Boot Drive Failure and Recovery with FTBOOT (96739)
This article was previously published under Q96739
SUMMARY
While there often is no explicit error message reporting catastrophic
drive failures such as total loss of power or data connection, unusual
symptoms in FTADMIN may be indicators. This article discusses some issues
you should be aware of when using FTBOOT.
Doing a NET LOGON command after a catastrophic failure may produce a
message about a defective sector on drive C being replaced and
recommending that you run CHKDSK /F, but the NET LOGON will continue.
This is the message FTADMIN presents:
The disk information could not be loaded. SYS0015: The system
cannot find the drive specified.
It does not show any disks.
FTADMIN may also issue warnings about attempts to write to the drive
followed by an "error" level message indicating that there was an excessive
failure rate on the master partition and recommending corrective action.

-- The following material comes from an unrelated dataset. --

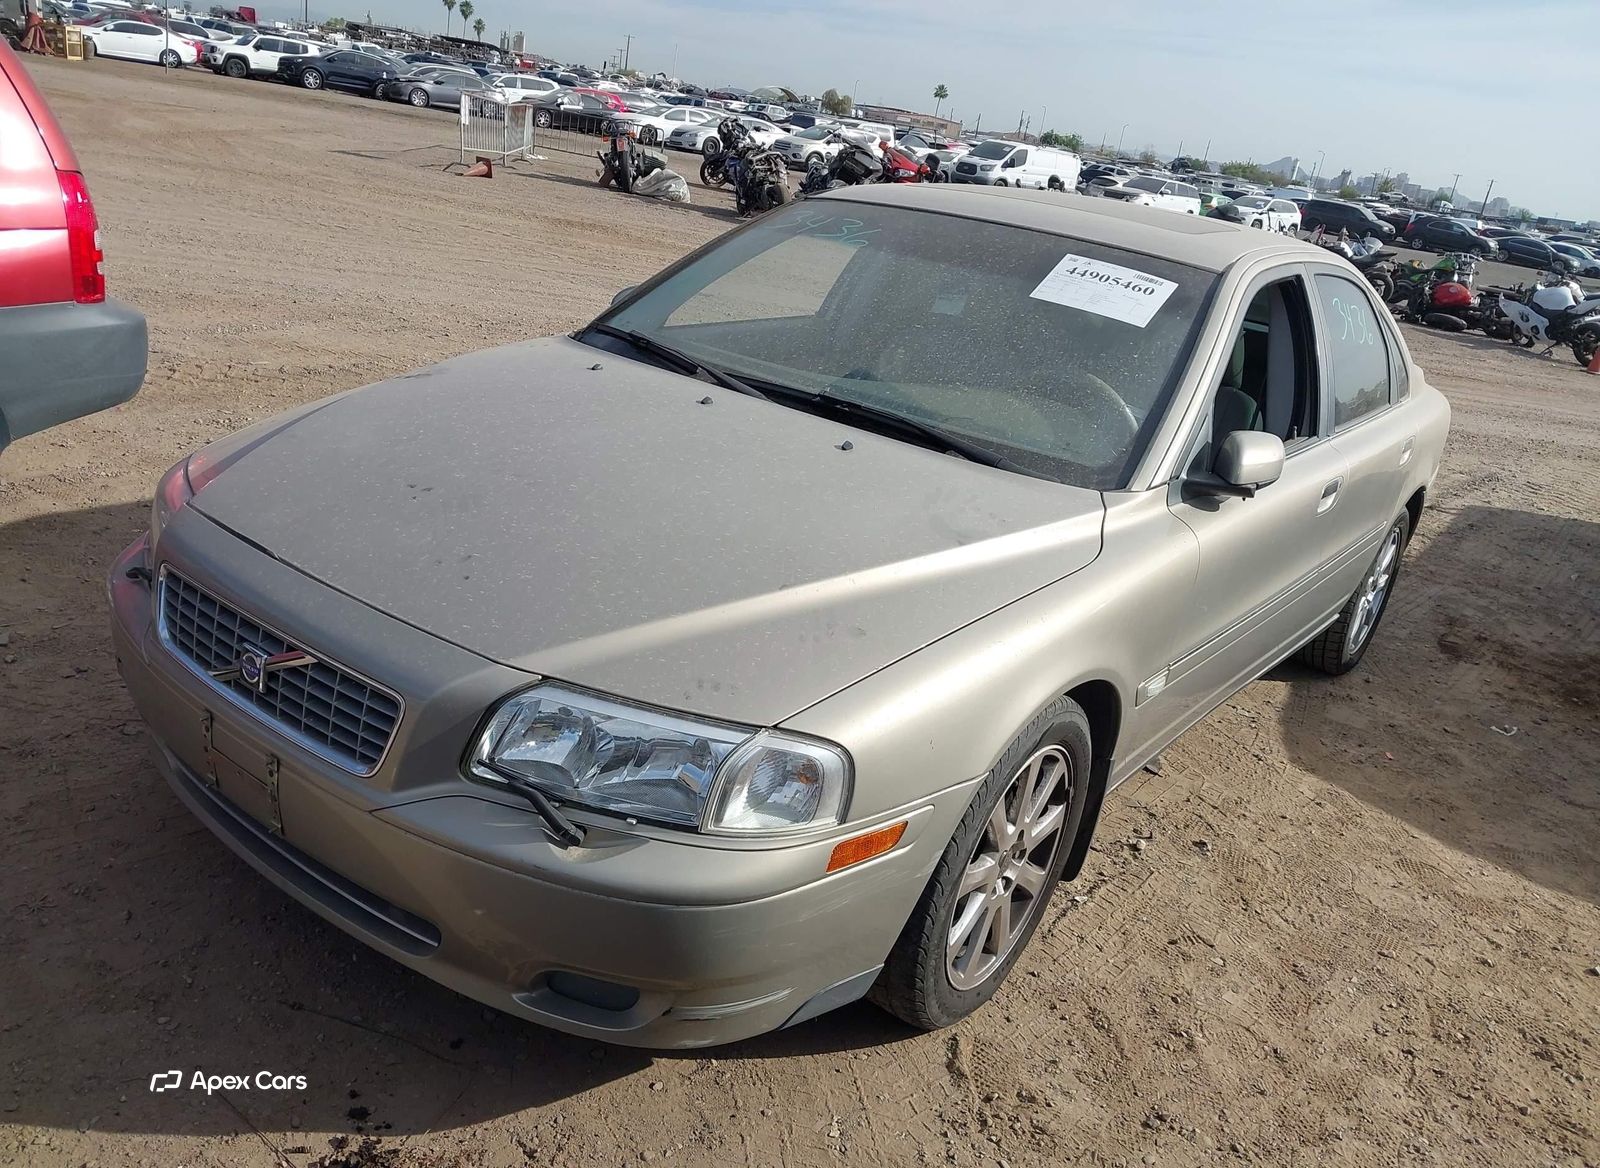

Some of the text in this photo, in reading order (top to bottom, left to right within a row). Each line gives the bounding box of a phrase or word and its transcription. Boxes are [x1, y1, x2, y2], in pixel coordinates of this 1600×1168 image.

FTBOOT.EXE is not on the HPFS Recovery Disks of the Network Productivity
Pack. Get the program from the HPFS Recovery Disks from LAN Manager 2.1.
FTBOOT.EXE is on HPFS Recovery Disk 2 for LAN Manager 2.2.
Some drives require CMOS changes, and if the CMOS setup has not been
updated to reflect the current hardware condition of the machine at the
point when you boot the server with the HPFS recovery disk, a trap error
may result.
MORE INFORMATION
While incorrect CMOS settings can cause the above problems, the sources
of problems associated with catastrophic drive failure are unknown.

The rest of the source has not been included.